● PROBLEM REQUIREMENTS:
Copy out all of the data word for word. Omit every picture.

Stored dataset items
--------------------------------

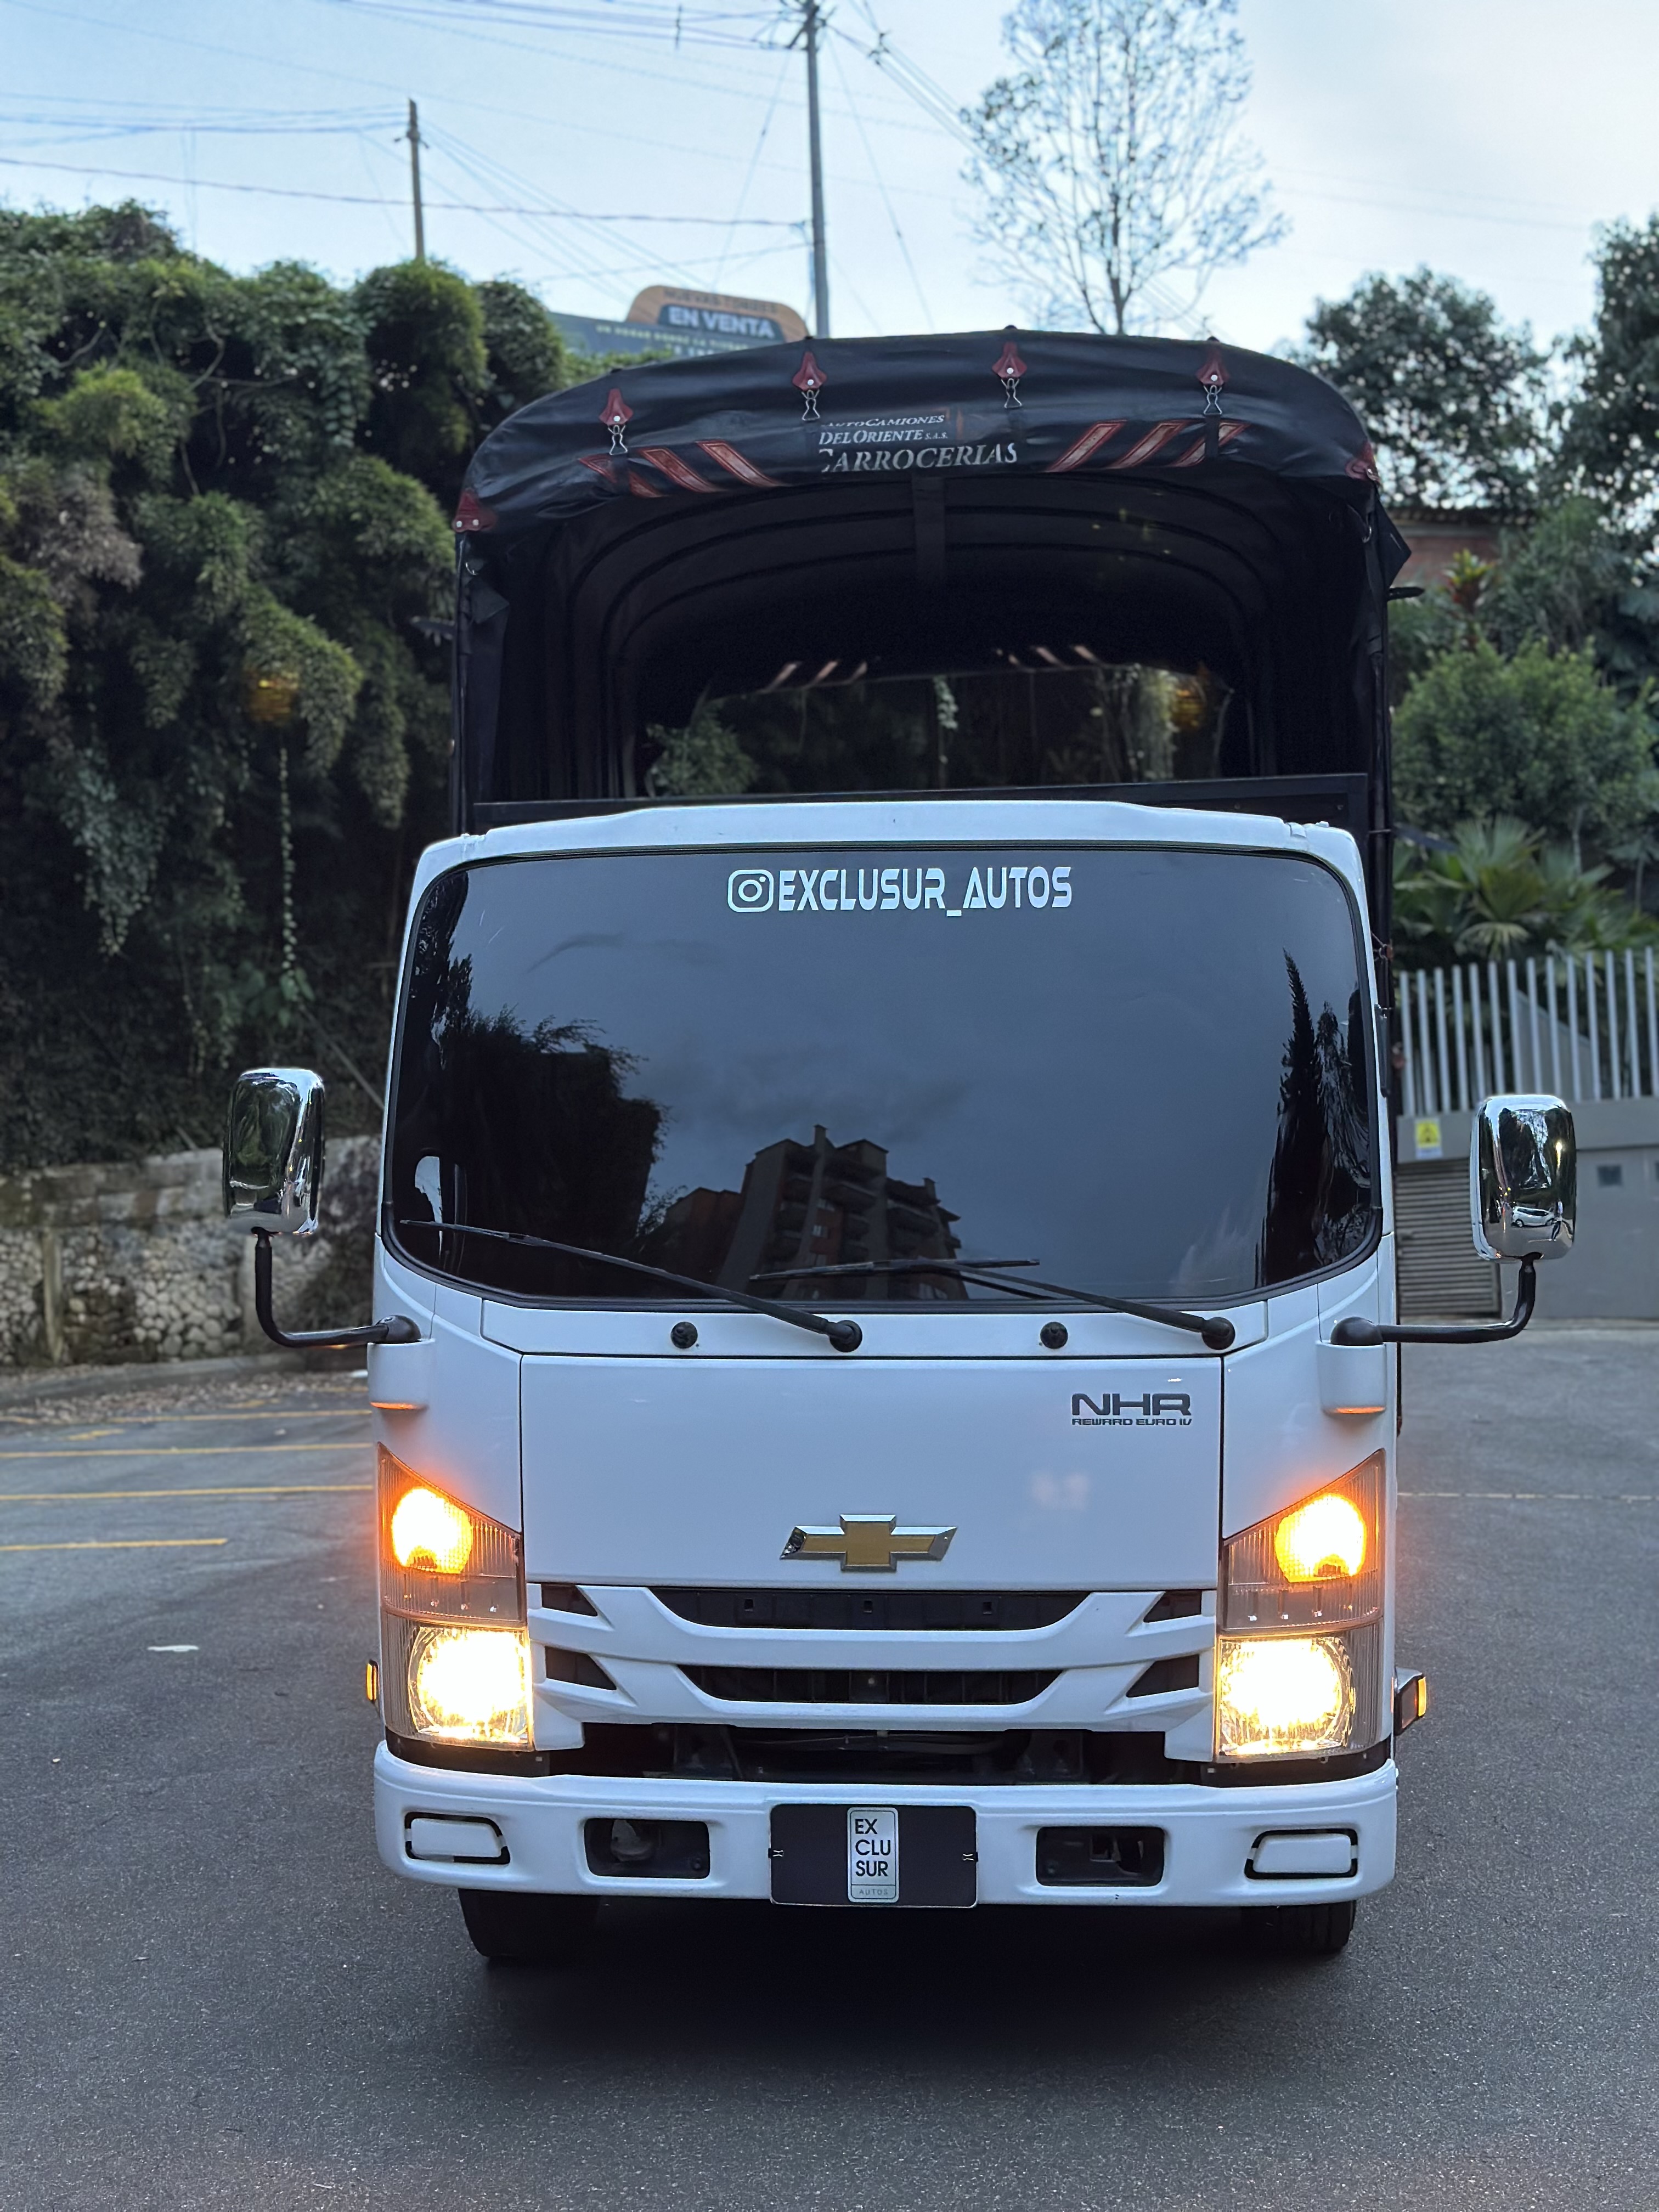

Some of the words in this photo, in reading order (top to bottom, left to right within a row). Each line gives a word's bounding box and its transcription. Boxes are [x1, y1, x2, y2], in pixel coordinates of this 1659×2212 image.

[668, 306, 699, 328] EN
[702, 310, 775, 339] VENTA
[821, 415, 945, 427] UTOCAMIONES
[778, 866, 1072, 917] EXCLUSUR_AUTOS
[1072, 1393, 1192, 1416] NHR
[855, 1819, 878, 1835] EX
[855, 1839, 891, 1855] CLU
[855, 1860, 889, 1877] SUR

--------------------------------

● TASK ANSWER:
Some of the words in this photo, in reading order (top to bottom, left to right within a row). Each line gives a word's bounding box and its transcription. Boxes are [x1, y1, x2, y2], in pixel coordinates of this 1659×2212 image.

[668, 306, 699, 328] EN
[702, 310, 775, 339] VENTA
[821, 415, 945, 427] UTOCAMIONES
[778, 866, 1072, 917] EXCLUSUR_AUTOS
[1072, 1393, 1192, 1416] NHR
[855, 1819, 878, 1835] EX
[855, 1839, 891, 1855] CLU
[855, 1860, 889, 1877] SUR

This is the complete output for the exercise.